Over time, that will make Greece more competitive. But no worker wants to absorb a pay cut, another reason why politicians in every country wait until there's virtually no other choice but to make hard decisions that will make voters uncomfortable.


If it seems like it could never happen here, think again. Even though U.S. wages have stagnated, the United States still has high labor costs compared with nations like China and India that can now build many of the same things we can, with the same quality. There's no guarantee wages won't fall further, especially if the government sector starts to hemorrhage workers.


Social Security cuts. The Greek government has cut spending on social benefits by 10%t. In the United States, spending on Social Security and Medicare for seniors goes up every year, which is one of the biggest threats to the government's solvency. Yet proposals to rein in that spending routinely generate outrage.


When AARP, the powerful lobbying group for seniors, recently signaled it might drop its longstanding opposition to any kind of Social Security reform, protests rained down on the group from critics and its own members.


It's quite plausible that a cut in benefits for seniors of 10% or even 5% could incite the kinds of riots in Washington or Chicago or Miami as those that make Athens seem like a hothouse filled with fanatics.
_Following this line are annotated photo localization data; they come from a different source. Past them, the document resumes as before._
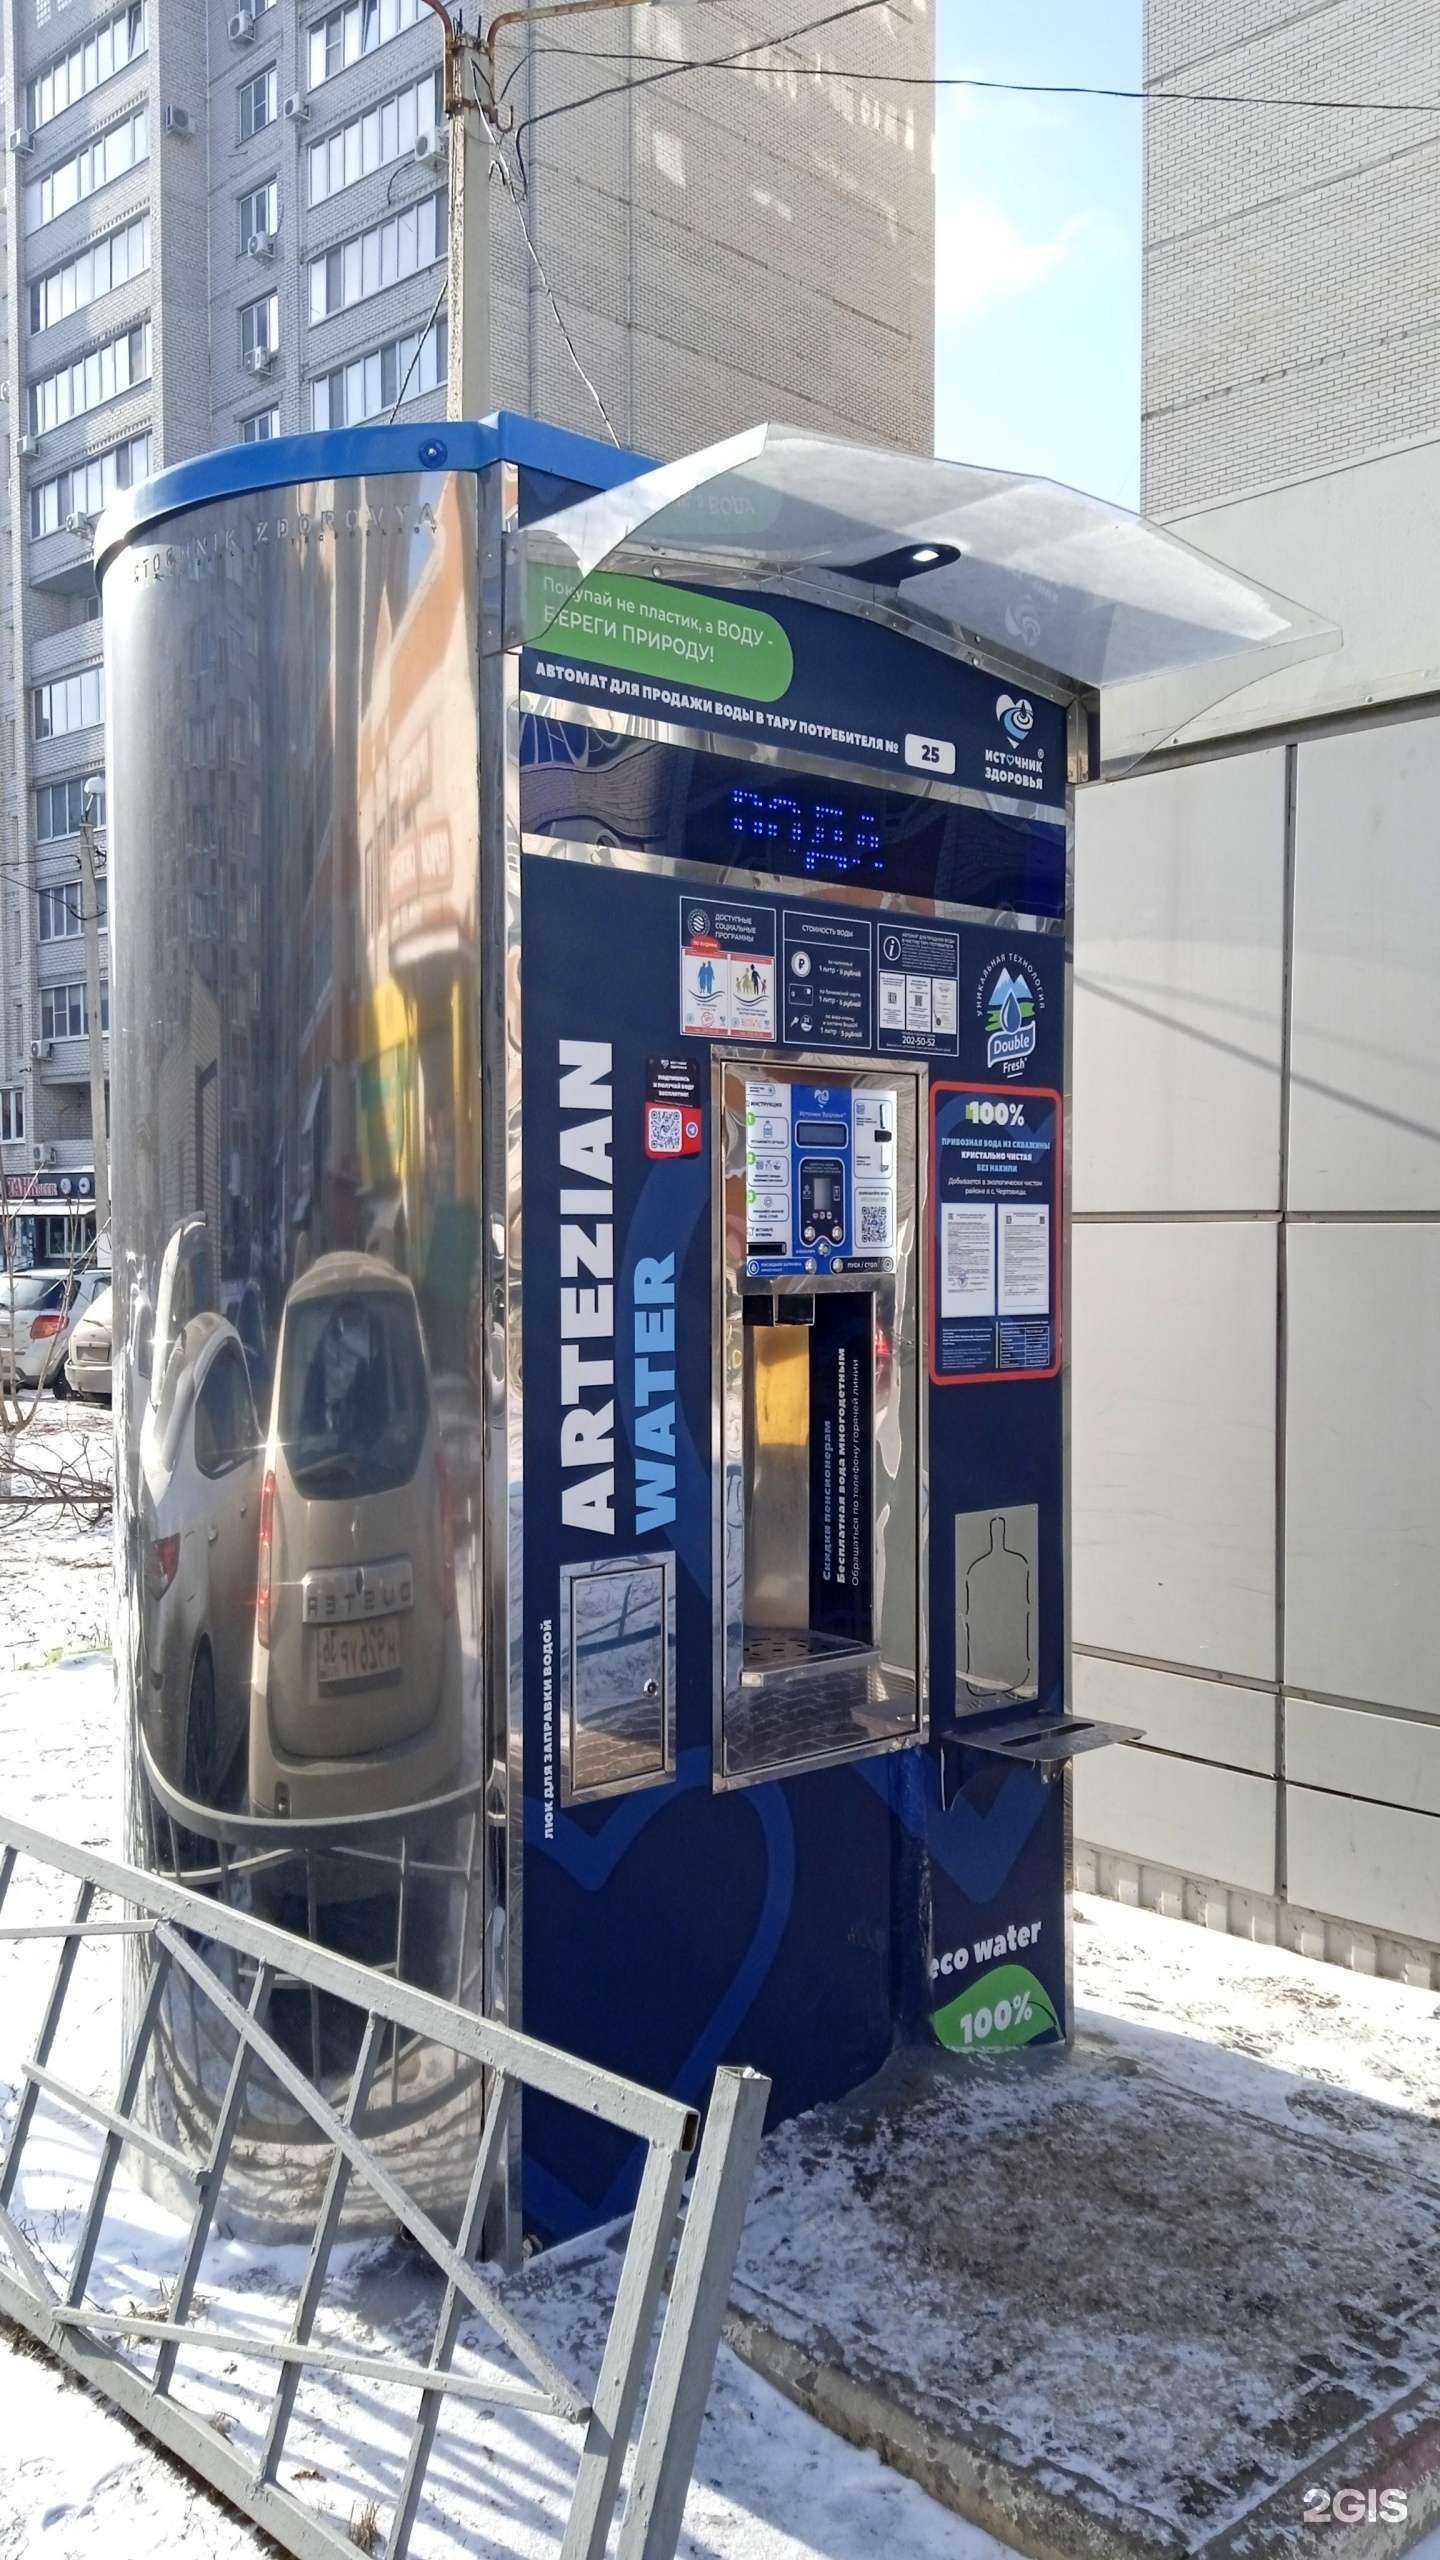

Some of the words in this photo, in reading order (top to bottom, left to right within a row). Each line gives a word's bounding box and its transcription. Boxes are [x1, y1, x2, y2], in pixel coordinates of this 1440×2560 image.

[543, 576, 612, 609] Покупай
[617, 596, 635, 613] не
[640, 604, 702, 633] пластик,
[705, 621, 713, 634] а
[717, 619, 764, 647] ВОДУ
[544, 605, 617, 639] БЕРЕГИ
[623, 624, 715, 663] ПРИРОДУ!
[535, 662, 608, 689] АВТОМАТ
[610, 678, 640, 697] ДЛЯ
[642, 685, 713, 713] ПРОДАЖИ
[715, 702, 754, 723] ВОДЫ
[756, 711, 765, 725] В
[766, 713, 797, 731] ТАРУ
[799, 721, 884, 751] ПОТРЕБИТЕЛЯ
[921, 744, 940, 763] 25
[985, 767, 1042, 790] ЗДОРОВЬЯ
[976, 954, 1006, 1017] УНИКАЛЬНАЯ
[1008, 952, 1046, 1009] ТЕХНОЛОГИЯ
[902, 1035, 936, 1047] 202-50-52
[993, 1034, 1030, 1055] Double
[969, 1101, 1025, 1126] 100%
[942, 1138, 982, 1147] ПРИВОЗНАЯ
[984, 1139, 1001, 1148] ВОДА
[1007, 1153, 1032, 1161] ЧИСТАЯ
[559, 1039, 615, 1536] ARTEZIAN
[634, 1251, 677, 1536] WATER
[837, 1348, 846, 1455] многодетным
[852, 1397, 860, 1442] горячей
[823, 1421, 833, 1522] пенсионерам
[837, 1458, 846, 1493] вода
[852, 1445, 861, 1498] телефону
[853, 1501, 859, 1514] по
[822, 1526, 832, 1581] Скидки
[837, 1497, 846, 1583] Бесплатная
[852, 1517, 861, 1586] Обращаться
[540, 1619, 552, 1676] ВОДОЙ
[543, 1679, 554, 1762] ЗАПРАВКИ
[544, 1765, 555, 1799] ДЛЯ
[544, 1801, 554, 1839] ЛЮК
[928, 1948, 969, 1980] eco
[974, 1921, 1041, 1963] water
[960, 1991, 1032, 2044] 100%
Overall debt. Even after all that austerity, debt levels in Greece are still way too high, with the nation's total gross debt equal to about 150% of GDP. The United States is in better shape, with gross debt equal to about 100% of GDP. But Greece, at least, has a plan to start reducing its debt, assuming it sticks with its austerity measures and continues to draw bailout funds. Washington has no such plan yet, and debt levels seem bound to keep rising for at least the next several years.


The United States has advantages that Greece doesn't. Much of America's debt is held domestically, which makes it less likely foreigners can dictate the terms of any debt workout. Washington also controls its own currency, which means it can inflate away some of its debt, which Greece can't do since it's bound to the euro.


And there remains robust demand for U.S. government debt, which allows Washington, for now, to borrow at rock-bottom rates.


But there's also a measure of arrogance that comes with those special advantages, as if Washington doesn't have to play by the same rules as everybody else. Someday that may no longer be true, and by then, we may wish we had emulated Greece a lot sooner.